CFLY-FM
- Kingston, Ontario; Canada;
- Broadcast area: Eastern Ontario
- Frequency: 98.3 MHz
- Branding: 98.3 FLY FM

Programming
- Format: Adult contemporary
- Affiliations: Premiere Networks

Ownership
- Owner: My Broadcasting Corporation
- Sister stations: CKLC-FM, WLYK

History
- First air date: January 1954
- Former call signs: CKLC-FM (1953–1978)

Technical information
- Licensing authority: CRTC
- Class: C1
- ERP: 95,500 watts
- HAAT: 158 metres (518 ft)

Links
- Webcast: Listen live
- Website: https://www.kingstondaily.ca

= CFLY-FM =

Radio station in Kingston, Ontario

CFLY-FM (98.3 MHz) is a commercial radio station broadcasting in Kingston, Ontario, and is owned by My Broadcasting Corporation. It airs an adult contemporary format branded as 98.3 FLY FM. The studios and offices are on Princess Street in Kingston.

CFLY-FM's transmitter is sited in Harrowsmith. The station's line up includes Reid & Ben In The Morning on weekdays, Carly Kincaid on midday, Wendy Wright in the afternoons, and Liveline With Mason every night except Sundays. On the weekends CFLY carries American Top 40 and Rick Dees Weekly Top 40.

==History==
===CKLC-FM===
The station signed on the air in January 1954. Its original call sign was CKLC-FM. It was owned by St. Lawrence Broadcasting with studios on Brock Street. Sister station CKLC 1380 AM was launched at the same time with the two stations simulcasting their programming.
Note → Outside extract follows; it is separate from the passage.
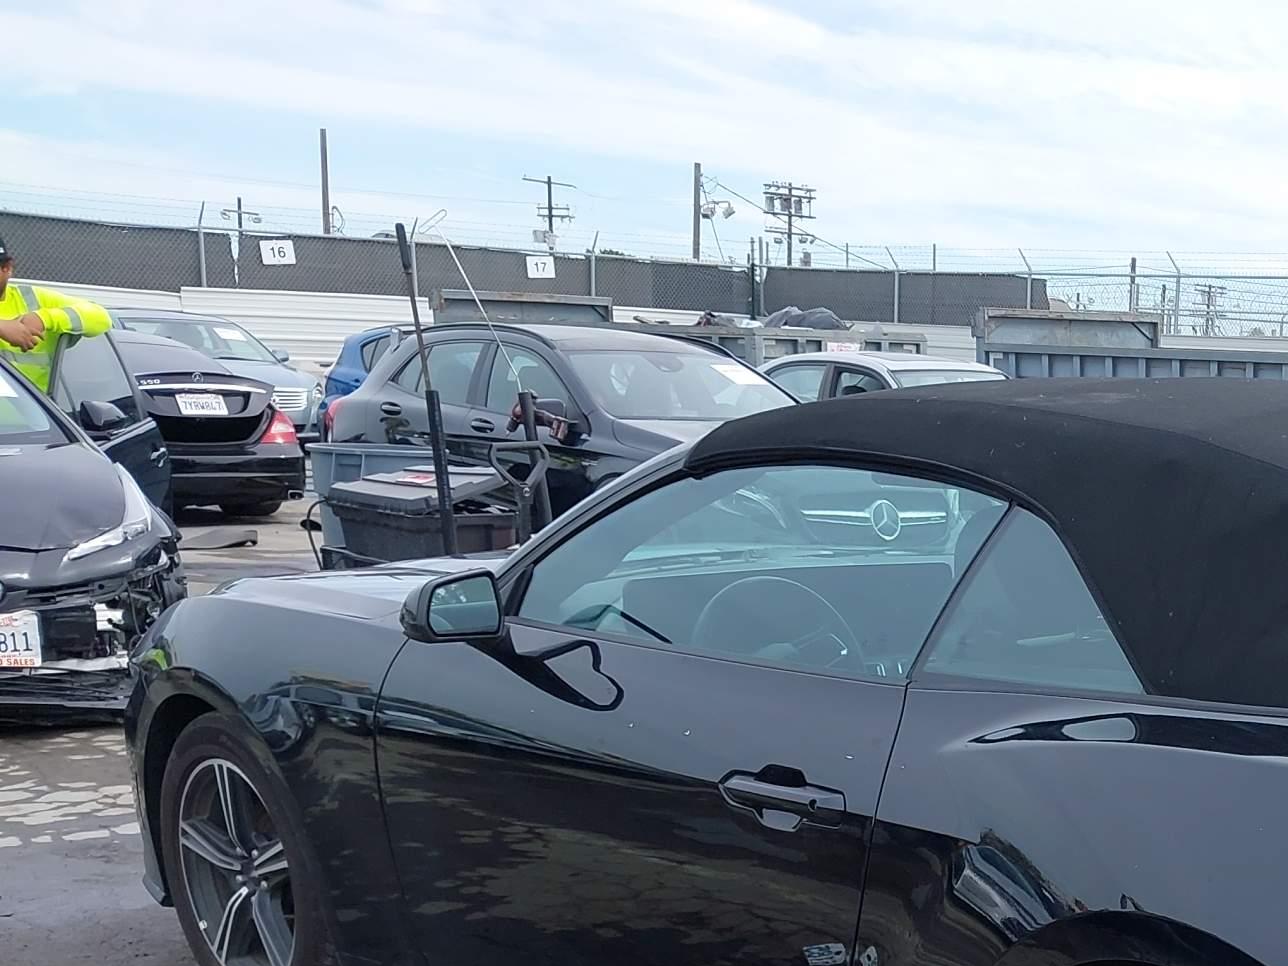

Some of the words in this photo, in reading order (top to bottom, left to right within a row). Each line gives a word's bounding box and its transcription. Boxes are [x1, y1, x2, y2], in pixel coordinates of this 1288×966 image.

CKLC-FM's original frequency was 99.5 MHz, and it was an affiliate of the Canadian Broadcasting Corporation's Dominion Network until the network dissolved in 1962.

CKLC-FM's original purpose in 1953 was to provide a reliable audio link for CKLC-AM, which broadcast from a four-tower array on Wolfe Island. Equalized Bell Telephone broadcast lines were not reliable to Wolfe Island in that era so the FM signal carried the program feed of CKLC-AM, which was received at the AM transmitter site over the air, and re-broadcast on the 1380 AM signal.

===CFLY-FM===
Eventually, the Bell line problem was resolved, allowing CKLC-FM to develop its own separate programming, playing automated beautiful music. CKLC-FM moved to 98.3 in 1973. It changed its call letters to CFLY-FM in 1978.

The stations were acquired by CHUM Limited in 1998. Since the 1980s, CFLY has programmed some form of adult contemporary music as FLY FM. In 1998, the station moved to a hot adult contemporary format, and in 2001, moved back to a mainstream adult contemporary sound. In early 2007, the station returned to hot AC. On June 22, 2007, the stations were acquired by CTVglobemedia, now Bell Media.

Former "FLY FM" Logo until 2020

===Move 98.3===
On December 27, 2020, as part of a consolidation of Bell Media radio stations into national brands, CFLY rebranded as part of Bell's Move Radio brand as Move 98.3, with no change in format. The station ran without DJs for the first week of the format as the "Move" branding was introduced. The on-air staff returned on January 4, 2021.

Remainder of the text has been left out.